Images were collected on a 3T Magnetom Trio MRI scanner system (Siemens Medical Systems, Erlangen, Germany) using a 32-channel radiofrequency head coil. The structural images were obtained using a three-dimensional T1-weighted magnetization prepared gradient-echo sequence (MPRAGE) based on the ADNI protocol (www.adni-info.org) (repetition time (TR) = 2500 ms; echo time (TE) = 4.77 ms; TI = 1100 ms, acquisition matrix = 256×256×176, flip angle = 7°; 1×1×1 mm voxel size). Functional images were collected using a T2*-weighted echo planar imaging (EPI) sequence sensitive to blood oxygen level dependent (BOLD) contrast (TR = 2000 ms, TE = 30 ms, image matrix = 64×64, FOV = 216 mm, flip angle = 80°, voxel size 3×3×3 mm3, 36 axial slices).
Materials and Tasks
Each participant underwent two tasks in the scanner, a car task and a face/house localizer, with identical procedures but different picture stimuli. Each type of stimulus (cars or faces/houses) was presented in a separate run. For the car task, we selected 50 pictures of cars (color images of grey cars) depicting the front of 3D models (for an example see Fig. 1A). For the face-house localizer we used 26 pictures of houses and 26 pictures of faces from the Radboud face database (female and male) . Each trial started with a presentation of one of the pictures for 2 seconds. After a jitter interval between 4 to 6 seconds (varied in steps of 500 ms) the next object was presented.

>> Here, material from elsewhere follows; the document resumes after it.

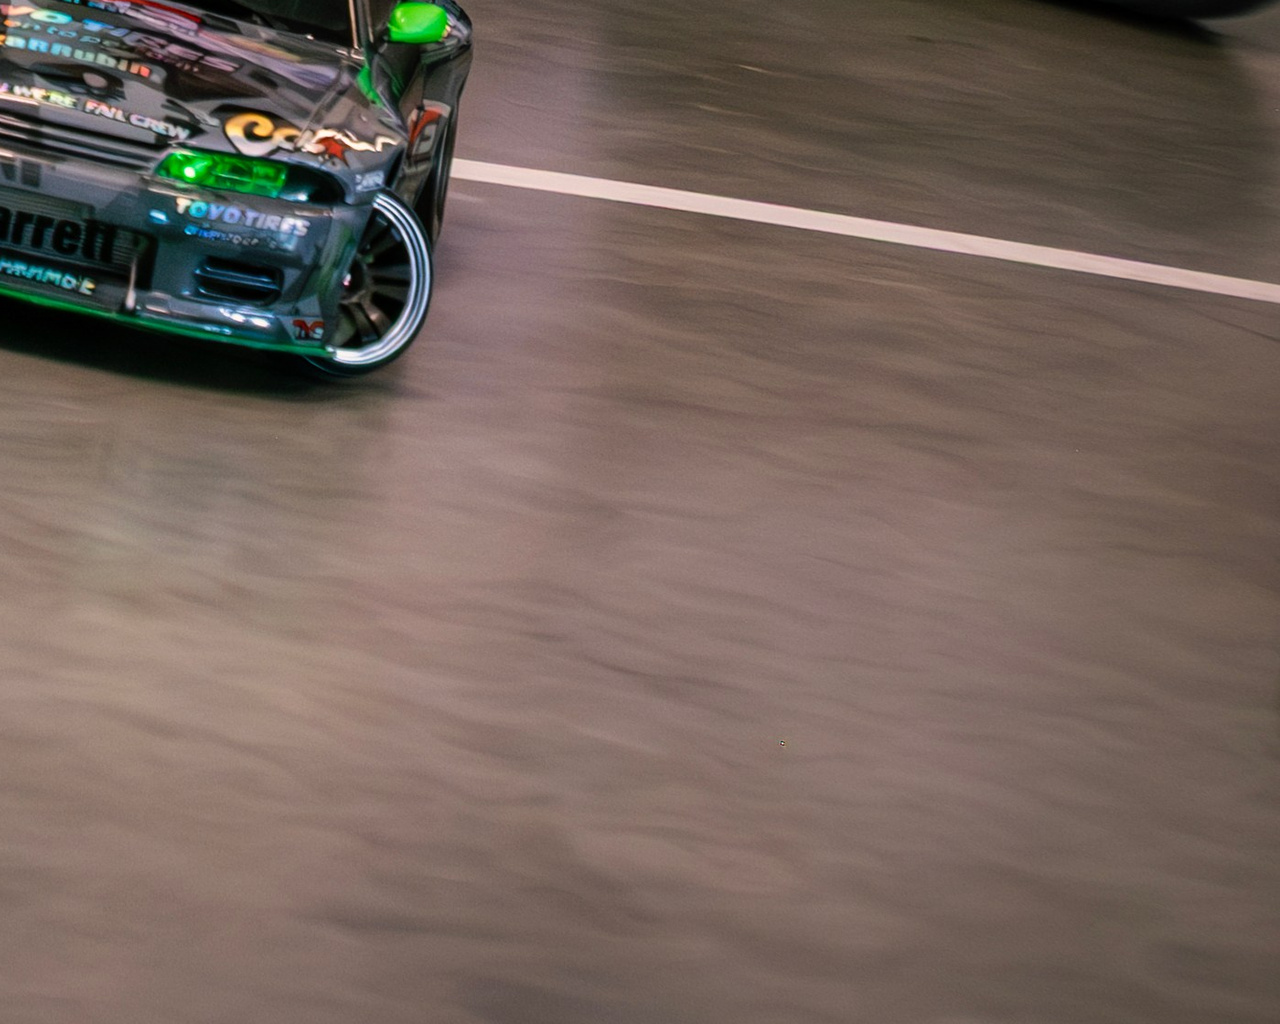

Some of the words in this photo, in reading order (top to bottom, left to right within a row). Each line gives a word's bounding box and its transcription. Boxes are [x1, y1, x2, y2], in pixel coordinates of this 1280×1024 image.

[81, 18, 241, 73] TIRES
[176, 196, 242, 225] TOYO
[242, 206, 312, 237] TIRES

Outside of the scanner all cars were presented again. Borrowing from Epley's procedure to assess anthropomorphism , we used an implicit measure where participants were prompted to enter adjectives that describe the car best (“This car is …”) (Fig. 1B). The number of adjectives was not specifically restricted. However, the range was narrow and participants named between 1 and 6 adjectives. The generated adjectives were rated on the basis of their applicability to humans by five raters, who rated independently from one another on a scale from 0 = no adjectives that could be applied to characterize human beings, to 6 = all adjectives characterize human beings. E.g. adjectives like “feminine”, “elegant” and “childish” were rated as applicable to humans, whereas adjectives such as “expensive”, “space-saving” and “rural” were rated as not applicable to humans. The mean rating across all raters was computed as the so-called implicit anthropomorphism score per car and per participant. Since the anthropomorphism scores showed a considerable amount of variability for individual cars (average SD = 1.48, average range = 4.94 across all cars) across different subjects, we decided to account for idiosyncratic anthropomorphism instead of averaging across subjects to obtain a single score per car.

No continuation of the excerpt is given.